What is intermittent fasting?
Fasting means abstaining from food or drink for a specific period. However, when it is associated with the word intermittent, it defines an eating pattern focusing on WHEN to eat rather than WHAT to eat.
Intermittent fasting (IF) is an eating regimen that pivots between fasting and eating during a specific time. It has three methods:
- Alternate-day fasting – This method involves fasting every other day.
- Time-restricted eating – Following this method, a person will need to fast for 12 hours daily. We can eat freely during the remaining hours.
- Eat, Stop, Eat – This method involves a 24-hour fast once or twice weekly.
The trend of intermittent fasting has taken the world by storm. Research supports its fame by stating that it is an excellent way to manage weight and reverse some health conditions. However, does it also manage varying blood sugar levels? Let us find out.
How does intermittent fasting work for diabetes?
Research suggests that intermittent fasting can assist diabetes patients in several ways. This eating method can:
- Boost insulin sensitivity
- Prevent insulin resistance
- Promote weight loss
- Inhibit systematic inflammation
- Improve blood sugar levels
Of all the types of diabetes known today, it is type 2 diabetes that is deeply linked with the benefits of intermittent fasting.
While oral medications serve as the primary form of type 2 diabetes treatment, it is essential to note that the reversal is possible by observing the right eating method. Treating the condition is not just about lowering blood sugar levels but also increasing the body’s sensitivity to insulin and decreasing inflammation. This is possible by following a fasting plan, just like intermittent fasting. How?
Research suggests that because intermittent fasting can reduce weight, it increases the body’s insulin sensitivity. As insulin resistance is common in type 2 diabetes, reversing it through weight loss prevents not only the risk of diabetes but also encourages proper response to the hormone insulin. While fasting, insulin levels drop, which facilitates fat burning. As a result, insulin sensitivity increases.
In addition, intermittent fasting supports a favourable metabolic shift. Instead of using carbohydrates, it uses fat for fuel. Fasting 12 hours a day causes the body to convert its stored fat into energy. As a result, we lose weight.
How do diabetes patients benefit from intermittent fasting?
According to studies, following IF can reduce body weight by about 3 – 8% in just 3 – 4 weeks. Many people report losing belly fat after following this plan for weeks.
Significant weight loss can help a lot in reversing insulin resistance, the top contributor to type 2 diabetes. For people at high risk of diabetes, the role of IF in preventing obesity is massive.
Is intermittent fasting safe for diabetes?
While intermittent fasting has appealing benefits for everyone, it has drawbacks for blood sugar control. Its short-term effects on diabetes patients are remarkable; however, its long-term efficiency is not yet proven. More studies are necessary to support the long-term benefits of this eating plan.
Before trying out a popular eating plan, there are things you need to keep in mind to ensure it is the right fit for your condition.

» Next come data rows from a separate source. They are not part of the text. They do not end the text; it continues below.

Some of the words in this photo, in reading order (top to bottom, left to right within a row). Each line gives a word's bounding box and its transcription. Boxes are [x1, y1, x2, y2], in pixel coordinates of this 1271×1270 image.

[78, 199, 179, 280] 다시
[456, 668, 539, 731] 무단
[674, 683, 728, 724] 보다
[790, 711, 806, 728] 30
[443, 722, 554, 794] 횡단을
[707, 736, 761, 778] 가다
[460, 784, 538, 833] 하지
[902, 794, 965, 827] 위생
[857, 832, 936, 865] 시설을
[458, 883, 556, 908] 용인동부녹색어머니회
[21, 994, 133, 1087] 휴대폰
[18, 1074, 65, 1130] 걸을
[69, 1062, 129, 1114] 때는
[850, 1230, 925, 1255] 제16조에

First, you need to discuss your plans with your doctor. Ask for advice on what type of diet or regimen to follow. Inquire if it’s safe for you to try a new diet system.
Second, select a plan that’s right for you. Note that trying a new regimen can significantly affect your lifestyle. Can your body tolerate it? Are you prepared for the side effects? Consider these questions before adopting a new meal plan.
Lastly, keep your condition in check if you go for a new meal plan. Monitor your blood sugar levels and other health factors regularly for the first few months, and take preventive measures against unwanted health issues.